*Exercise instructions:*
Skip the pictures. Transcribe the rest of the data below without changing a word.
[[ Data supplied, beginning ]]
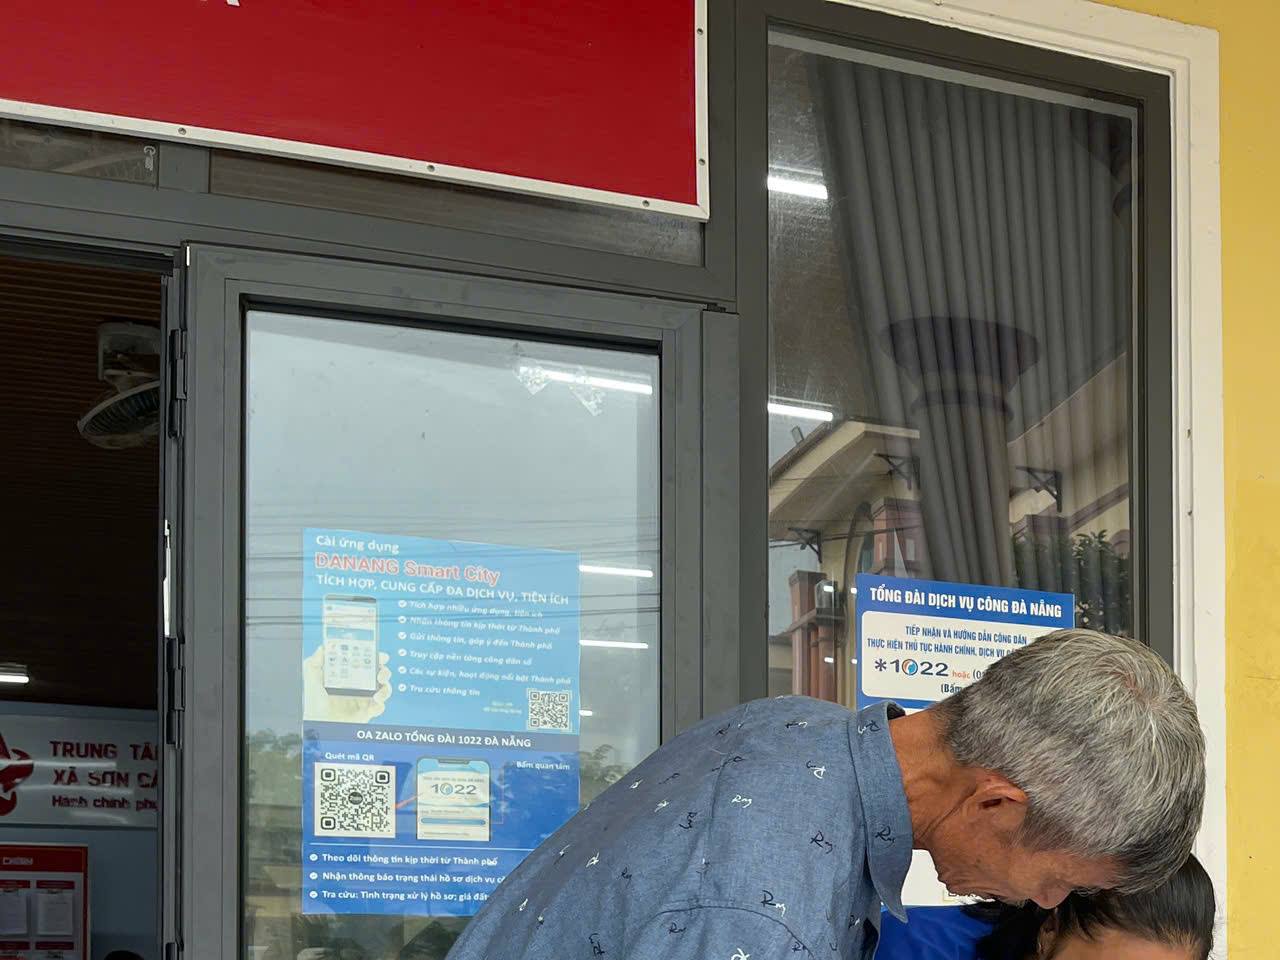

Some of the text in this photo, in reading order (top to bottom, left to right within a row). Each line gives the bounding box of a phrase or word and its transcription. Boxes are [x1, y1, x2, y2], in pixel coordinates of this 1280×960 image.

[316, 535, 400, 555] Cài ứng dụng
[403, 560, 460, 580] Smart
[463, 565, 501, 587] City
[316, 573, 344, 585] TÍCH
[348, 578, 377, 590] HỢP,
[381, 580, 416, 592] CUNG
[420, 582, 443, 594] CẤP
[466, 587, 495, 599] DỊCH
[870, 584, 1062, 617] TỔNG ĐÀI DỊCH VỤ CÔNG ĐÀ NẴNG
[905, 624, 920, 636] TIẾP
[922, 626, 941, 639] NHẬN
[942, 627, 952, 638] VÀ
[953, 629, 977, 641] HƯỚNG
[993, 632, 1012, 643] CÔNG
[1013, 634, 1027, 645] DÂN
[867, 638, 885, 650] THỰC
[886, 639, 903, 651] HIỆN
[919, 642, 933, 654] TỤC
[934, 642, 953, 654] HÀNH
[978, 647, 994, 658] DỊCH
[357, 730, 531, 747] OA ZALO TỔNG ĐÀI 1022 ĐÀ NẴNG
[50, 741, 159, 760] TRUNG TÂ
[53, 766, 79, 785] XÃ
[88, 770, 129, 787] SƠN
[322, 853, 344, 862] Theo
[347, 854, 361, 862] dõi
[363, 855, 389, 864] thông
[405, 856, 418, 865] kịp
[453, 857, 479, 865] Thành
[322, 872, 347, 881] Nhận
[349, 872, 375, 882] thông
[377, 873, 393, 881] báo
[420, 874, 437, 882] thái
[465, 876, 483, 884] dịch
[360, 891, 380, 899] Tình
[430, 891, 441, 900] hồ
[458, 892, 471, 901] giá
[[ Data supplied, end ]]
*Written solution:*
Some of the text in this photo, in reading order (top to bottom, left to right within a row). Each line gives the bounding box of a phrase or word and its transcription. Boxes are [x1, y1, x2, y2], in pixel coordinates of this 1280×960 image.

[316, 535, 400, 555] Cài ứng dụng
[403, 560, 460, 580] Smart
[463, 565, 501, 587] City
[316, 573, 344, 585] TÍCH
[348, 578, 377, 590] HỢP,
[381, 580, 416, 592] CUNG
[420, 582, 443, 594] CẤP
[466, 587, 495, 599] DỊCH
[870, 584, 1062, 617] TỔNG ĐÀI DỊCH VỤ CÔNG ĐÀ NẴNG
[905, 624, 920, 636] TIẾP
[922, 626, 941, 639] NHẬN
[942, 627, 952, 638] VÀ
[953, 629, 977, 641] HƯỚNG
[993, 632, 1012, 643] CÔNG
[1013, 634, 1027, 645] DÂN
[867, 638, 885, 650] THỰC
[886, 639, 903, 651] HIỆN
[919, 642, 933, 654] TỤC
[934, 642, 953, 654] HÀNH
[978, 647, 994, 658] DỊCH
[357, 730, 531, 747] OA ZALO TỔNG ĐÀI 1022 ĐÀ NẴNG
[50, 741, 159, 760] TRUNG TÂ
[53, 766, 79, 785] XÃ
[88, 770, 129, 787] SƠN
[322, 853, 344, 862] Theo
[347, 854, 361, 862] dõi
[363, 855, 389, 864] thông
[405, 856, 418, 865] kịp
[453, 857, 479, 865] Thành
[322, 872, 347, 881] Nhận
[349, 872, 375, 882] thông
[377, 873, 393, 881] báo
[420, 874, 437, 882] thái
[465, 876, 483, 884] dịch
[360, 891, 380, 899] Tình
[430, 891, 441, 900] hồ
[458, 892, 471, 901] giá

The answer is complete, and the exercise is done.